**AIM OF THE EXERCISE**
Give back the lines below verbatim, omitting all pictures.

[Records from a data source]
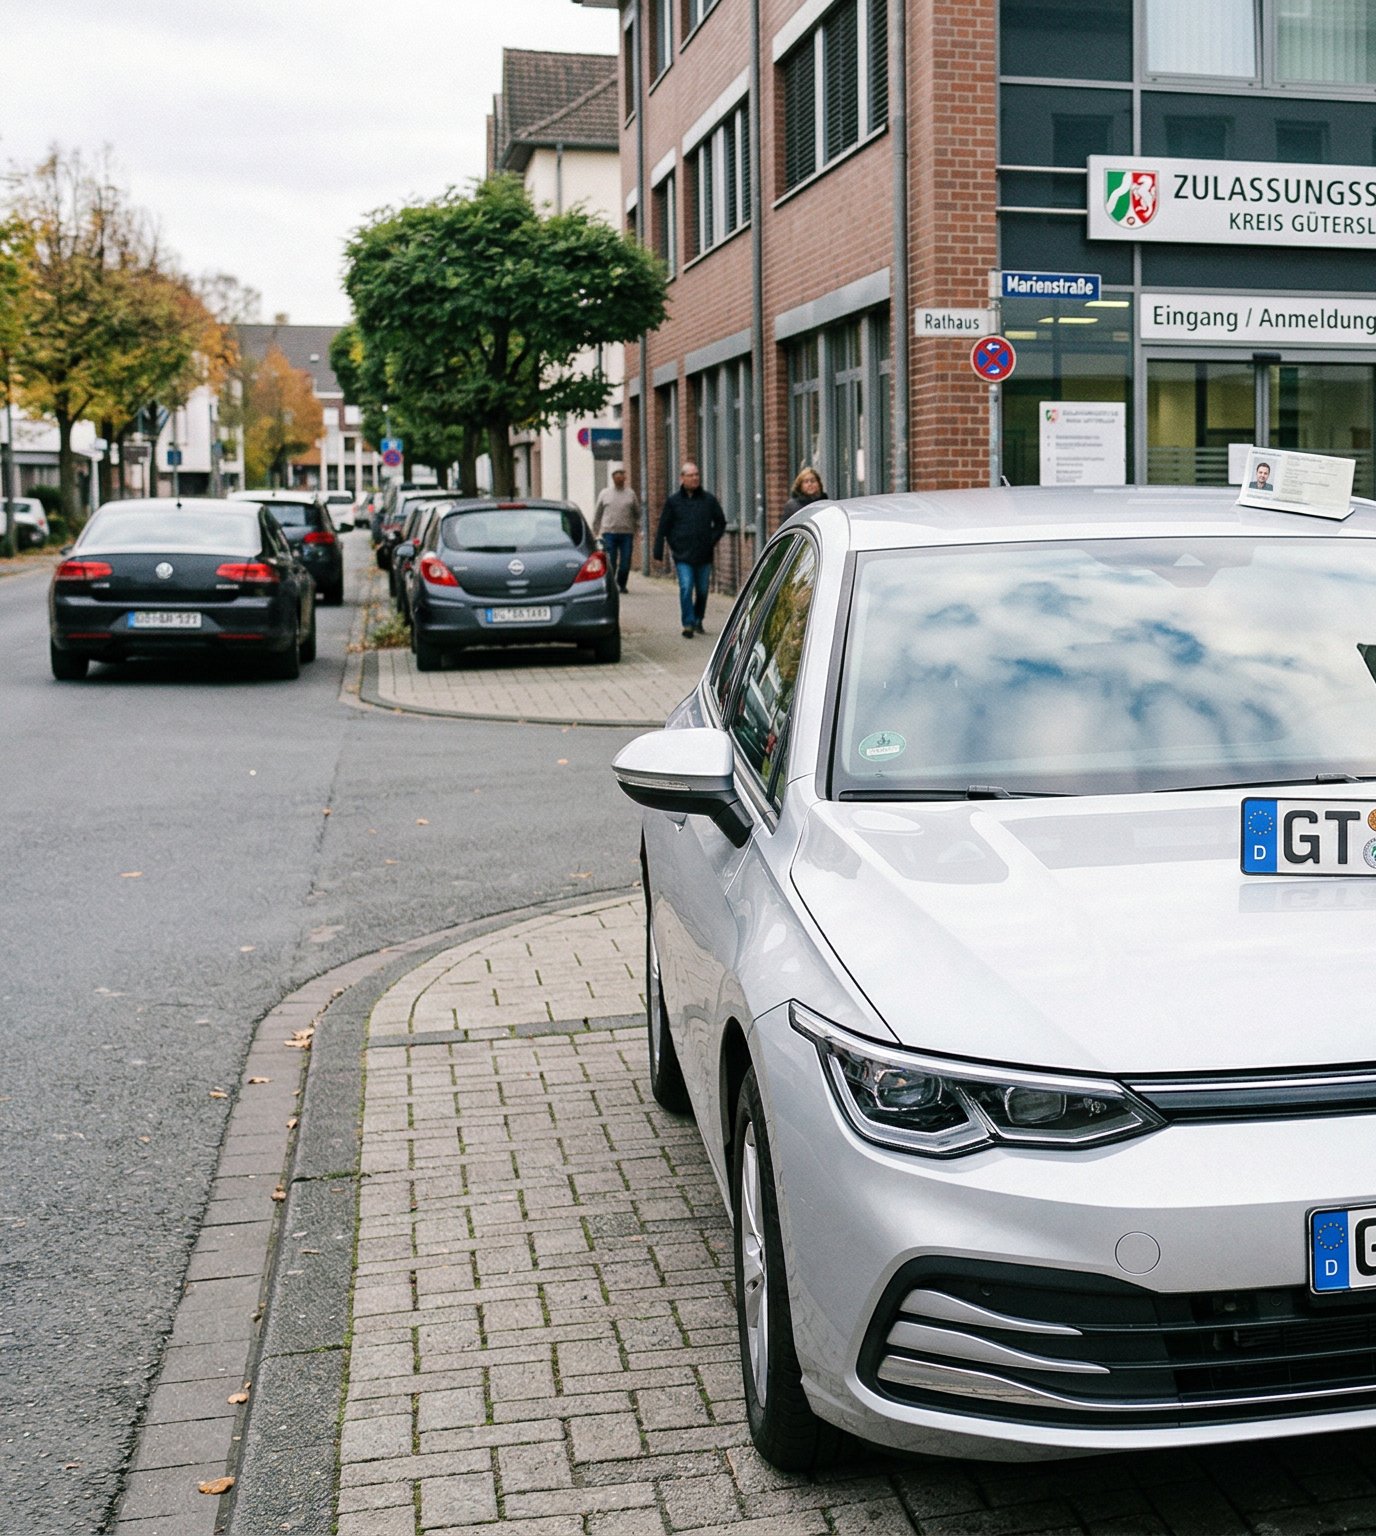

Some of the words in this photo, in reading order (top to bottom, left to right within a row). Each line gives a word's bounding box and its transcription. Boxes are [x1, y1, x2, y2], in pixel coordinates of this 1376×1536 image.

[1229, 212, 1284, 231] KREIS
[1007, 275, 1094, 295] Marienstraße
[925, 313, 980, 330] Rathaus
[1153, 305, 1238, 332] Eingang
[1245, 307, 1252, 328] /
[1259, 308, 1376, 334] Anmeldung
[1254, 845, 1266, 860] D
[1283, 809, 1361, 865] GT
[1325, 1259, 1338, 1276] D
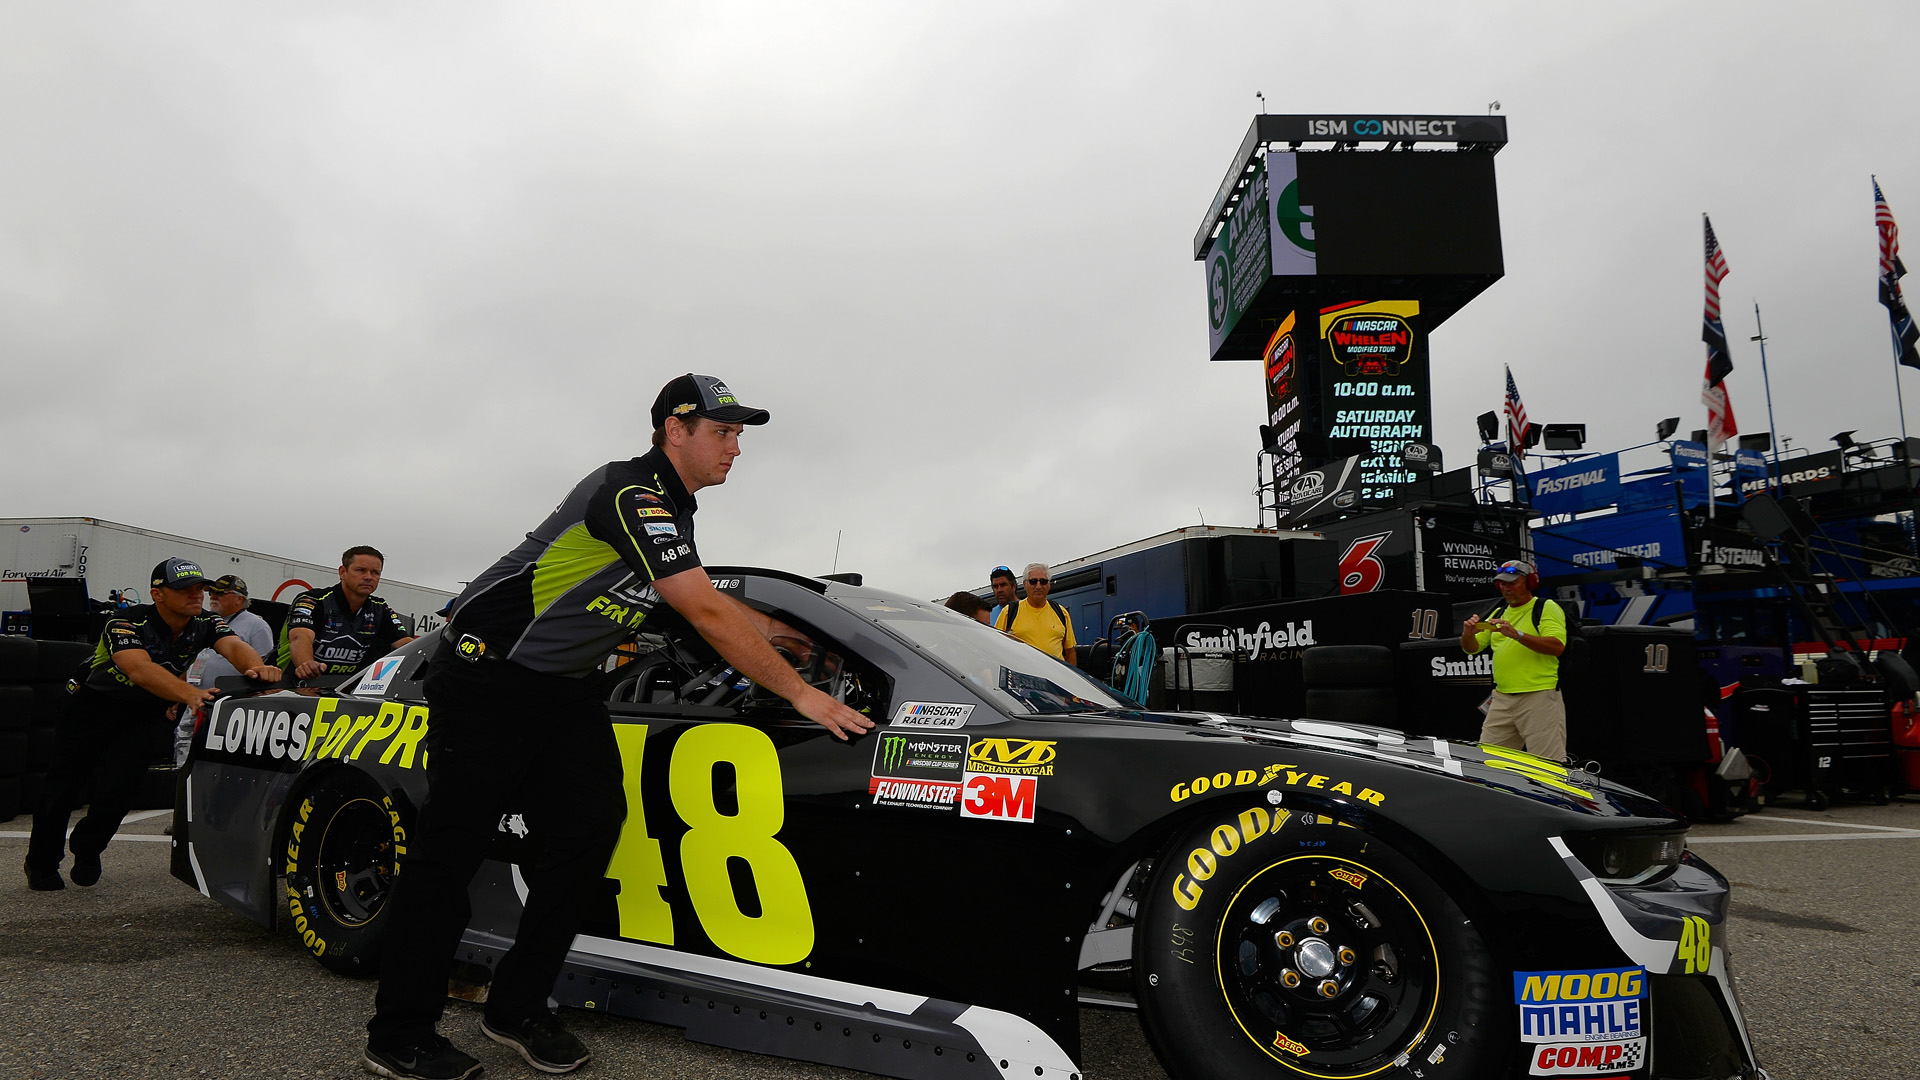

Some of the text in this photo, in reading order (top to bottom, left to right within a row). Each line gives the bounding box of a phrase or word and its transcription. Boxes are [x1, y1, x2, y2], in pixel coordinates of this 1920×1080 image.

**PROBLEM SOLUTION**
Some of the words in this photo, in reading order (top to bottom, left to right within a row). Each line gives a word's bounding box and its transcription. Boxes are [x1, y1, x2, y2], in pixel coordinates of this 1376×1536 image.

[1229, 212, 1284, 231] KREIS
[1007, 275, 1094, 295] Marienstraße
[925, 313, 980, 330] Rathaus
[1153, 305, 1238, 332] Eingang
[1245, 307, 1252, 328] /
[1259, 308, 1376, 334] Anmeldung
[1254, 845, 1266, 860] D
[1283, 809, 1361, 865] GT
[1325, 1259, 1338, 1276] D

Some of the text in this photo, in reading order (top to bottom, left to right within a row). Each line gives the bounding box of a phrase or word and its transcription. Boxes are [x1, y1, x2, y2], in pixel coordinates of this 1920×1080 image.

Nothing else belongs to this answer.